The magnitude 9 quake off Sumatra that triggered the devastating Boxing Day tsunami was a potent reminder that while it is easy to say where big quakes will happen, pinning one down to a day, a week or even a decade has proved impossible, they said.

That quake apparently gave no warning whatsoever, researchers told the American Association for the Advancement of Science.

Quake experts do not even agree how to measure a tremor's magnitude to see if an experiment for predicting activity has worked, said Thomas Jordan of the Southern California Earthquake Centre.

"Most seismologists, including myself, are pessimistic that in the next five years to 10 years that we will ever be able to come up with a silver bullet earthquake solution," Jordan said. "But never say never."

There are some suggestions that very low-frequency seismic activity might predict some quakes.

US Geological Survey researchers have measured low-pitched rumbles from deep under California's San Andreas fault, about 22km southeast of Parkfield.

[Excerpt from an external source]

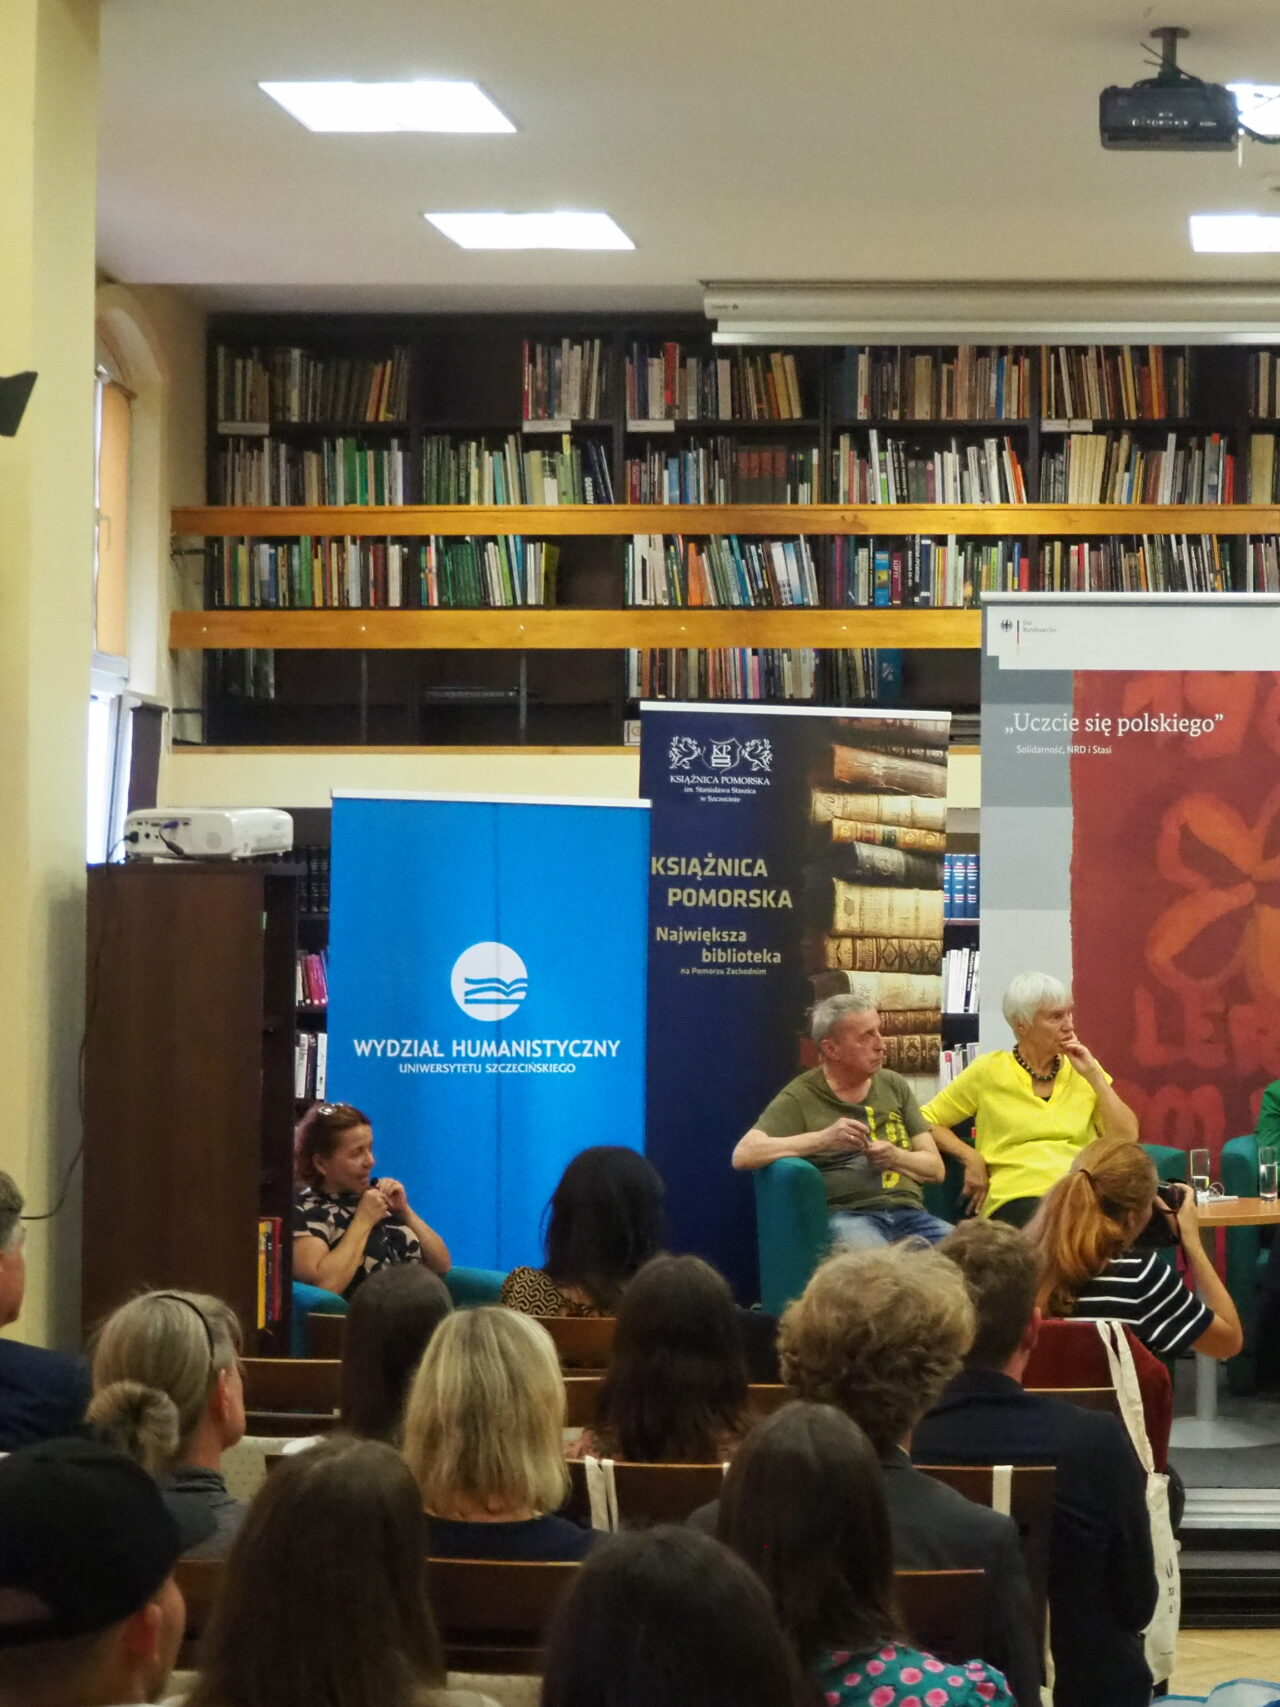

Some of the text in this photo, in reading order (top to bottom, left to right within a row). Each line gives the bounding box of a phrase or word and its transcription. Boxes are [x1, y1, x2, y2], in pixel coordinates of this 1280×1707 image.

They resemble measurements made at subduction zones in Japan and the Pacific Northwest.

A subduction zone is where one of the Earth's tectonic plates is slipping under another and the Sumatra quake occurred at one such zone.

"We just don't understand what those signals mean," Jordan said. "As best we can tell, there are no reliable short-term precursors to earthquakes."

David Applegate of the US Geological Survey said Parkfield, which has been covered with instruments for 20 years in the hope of catching a tremor in the act, is providing useful information, but nothing as yet that can be used to begin predicting an earthquake in a useful way.

More important will be finding out the highest-risk areas so building codes can be brought up to date and emergency services told where the ground will shake the most, so they can respond quickly.